There are also suggestion­s that the Taliban’s co-founder, Abdul Ghani Baradar, who signed the February 2020 Doha Agreement on the US withdrawal, might not be averse to some arrangemen­t with India. Mr Baradar returned to Afghanista­n on August 17 and held a secret meeting in Kabul just six days later with the head of the Central Intelligen­ce Agency, William J. Burns, to finalise details of the US withdrawal. It is expected at the time of writing that he will soon become President — or Emir since the Taliban speaks of an “Islamic Emirate” — of Afghanista­n.

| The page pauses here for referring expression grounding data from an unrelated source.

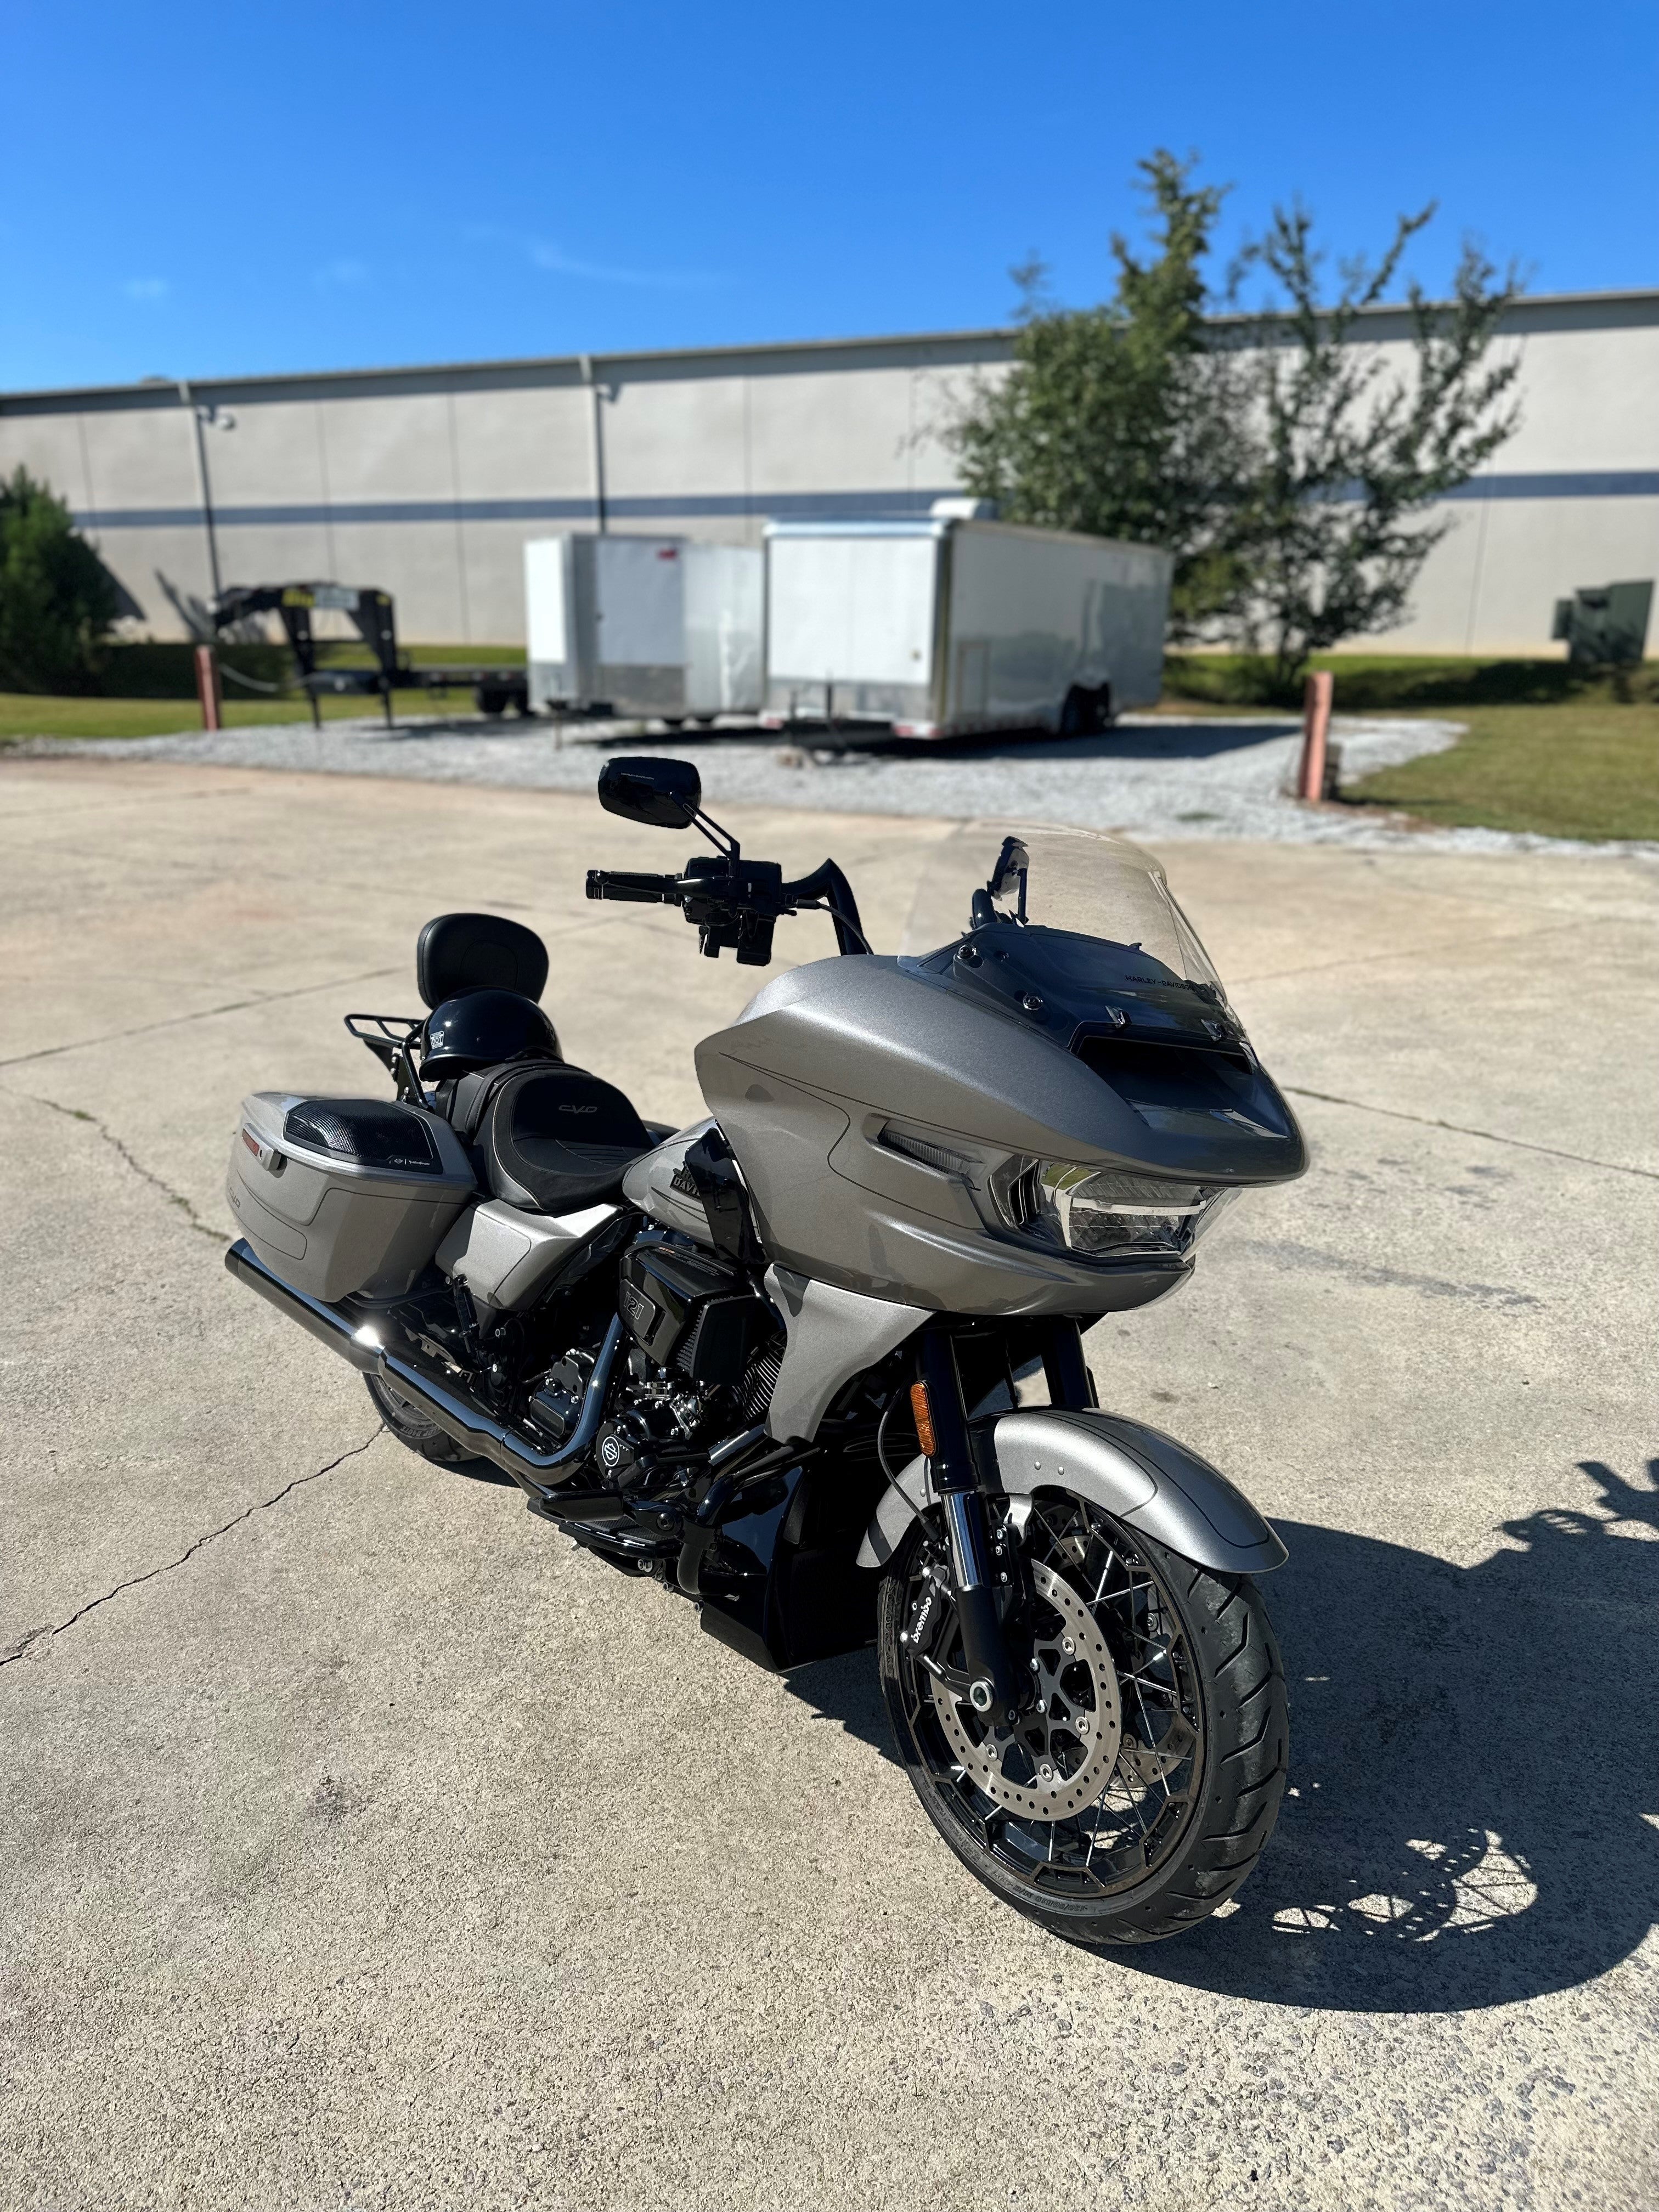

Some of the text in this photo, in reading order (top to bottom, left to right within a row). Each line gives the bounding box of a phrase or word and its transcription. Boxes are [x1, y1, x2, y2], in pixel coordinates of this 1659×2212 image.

[1125, 974, 1194, 991] HARLEY-DAVIDSO
[431, 1034, 443, 1045] DOT
[558, 1104, 597, 1114] CVO
[624, 1291, 644, 1319] 121
[911, 1597, 932, 1644] brembo

People might wonder in the circumstan­ces whether the evacuation (or flight?) of Rudrendra Tandon, India’s ambassador in Kabul, and his entire staff was at all necessary. The Sifarat-eHind, as the embassy is called, in Shahre Nau, was one of India’s best guarded diplomatic establishm­ents. But it has acquired a reputation for running away from danger, having done exactly that only a few days before Kabul fell to the Taliban on September 26, 1996.

The late Ahmad Shah Massoud, the Afghan Tajik warlord who was called the “Lion of Panjshir”, who headed the United Islamic and National Front for the Salvation of Afghanista­n, Northern Alliance in popular parlance, had warned the embassy only a few hours before the fall that he would no longer be able to defend the city. The diplomats in the Sifarat-e-Hind must have cowered in fright when they heard that Mohammad Najibullah, the former President, nicknamed “the Ox” because of his wrestler’s build, and also dubbed the “Butcher of Kabul” for his record in office, had been dragged out of his UN hideout, beaten and hanged from a lamp post near the imposing stone palace where for six years he had presided over the torture and killing of thousands of fellow Afghans.

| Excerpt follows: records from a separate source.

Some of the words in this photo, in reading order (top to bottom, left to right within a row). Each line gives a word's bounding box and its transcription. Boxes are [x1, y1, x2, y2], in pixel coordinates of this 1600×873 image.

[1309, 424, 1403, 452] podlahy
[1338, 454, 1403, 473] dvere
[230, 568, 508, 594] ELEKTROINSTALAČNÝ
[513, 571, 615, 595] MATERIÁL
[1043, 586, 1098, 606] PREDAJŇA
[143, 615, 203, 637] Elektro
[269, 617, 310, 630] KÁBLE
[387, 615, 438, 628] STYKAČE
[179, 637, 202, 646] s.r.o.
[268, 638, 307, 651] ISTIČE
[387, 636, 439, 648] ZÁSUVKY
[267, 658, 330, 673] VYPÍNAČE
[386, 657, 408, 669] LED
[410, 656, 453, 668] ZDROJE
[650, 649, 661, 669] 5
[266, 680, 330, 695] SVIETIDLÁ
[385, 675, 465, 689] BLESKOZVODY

It would have been as catastroph­ic if instead of running away, India’s ambassador had tried to emulate Chanakya on the enemy’s enemy theory and sought to befriend the Islamic State (Khorasan), the Taliban’s deadly enemy, which was responsibl­e for last week’s carnage outside Kabul airport. It might be as calamitous for India to openly support Ahmad Massoud and his armed rebels in mountainou­s Panjshir, 45 miles north of Kabul, as it was for his father, the Lion of Panjshir, whom Osama bin Laden’s men murdered on December 9, 2001, just two days before 9/11. Even less can India afford to take sides like Donald Trump, who now calls former President Ashraf Ghani a “total crook, murderer, corrupt”, or Pakistan’s PM Imran Khan who applauded the Taliban for breaking Afghanista­n’s “shackles of slavery”.

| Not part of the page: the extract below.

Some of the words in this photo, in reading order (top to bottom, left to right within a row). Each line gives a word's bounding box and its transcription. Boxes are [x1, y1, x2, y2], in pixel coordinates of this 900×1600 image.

In discussing the new security challenges, India’s top military brass need not waste time on the moral imperative of dealing with an outfit the UN has dubbed a global terrorist group. Yesterday’s terrorist is often tomorrow’s freedom fighter. What matters are the two potential areas of threat to India’s interests.

The first is technologi­cal, the second political. A Taliban-run Afghanista­n can be expected to provide strategic depth to Pakistan, enjoy cooperativ­e relations with China, Russia, and Iran, and diplomatic ties with Saudi Arabia and the United Arab Emirates.

There is also the danger of Islamist groups like Jaish-e-Mohammed, Lashkar-e-Tayyaba and the Haqqani Network targeting India in an already aggrieved Kashmir which feels especially illused by Prime Minister Narendra Modi’s divideand-rule policy.

What makes all this particular­ly dangerous is the absence of American forces on the ground because of a retreat which invites comparison­s with Dunkirk (1940) and Saigon (1975). By abandoning billions of dollars in military hardware, the US has enabled

Taliban fighters to replace their ubiquitous AK-47 Kalashniko­vs with sophistica­ted M-4 and M16 rifles, fly squadrons of Black Hawk helicopter­s, operate all-terrain military vehicles, and also enjoy the military grade night vision devices whose export is normally strictly controlled. How strictly India discovered to its cost during 40 years of frustratin­g and humiliatin­g begging/bargaining over equipment for a Light Combat Aircraft.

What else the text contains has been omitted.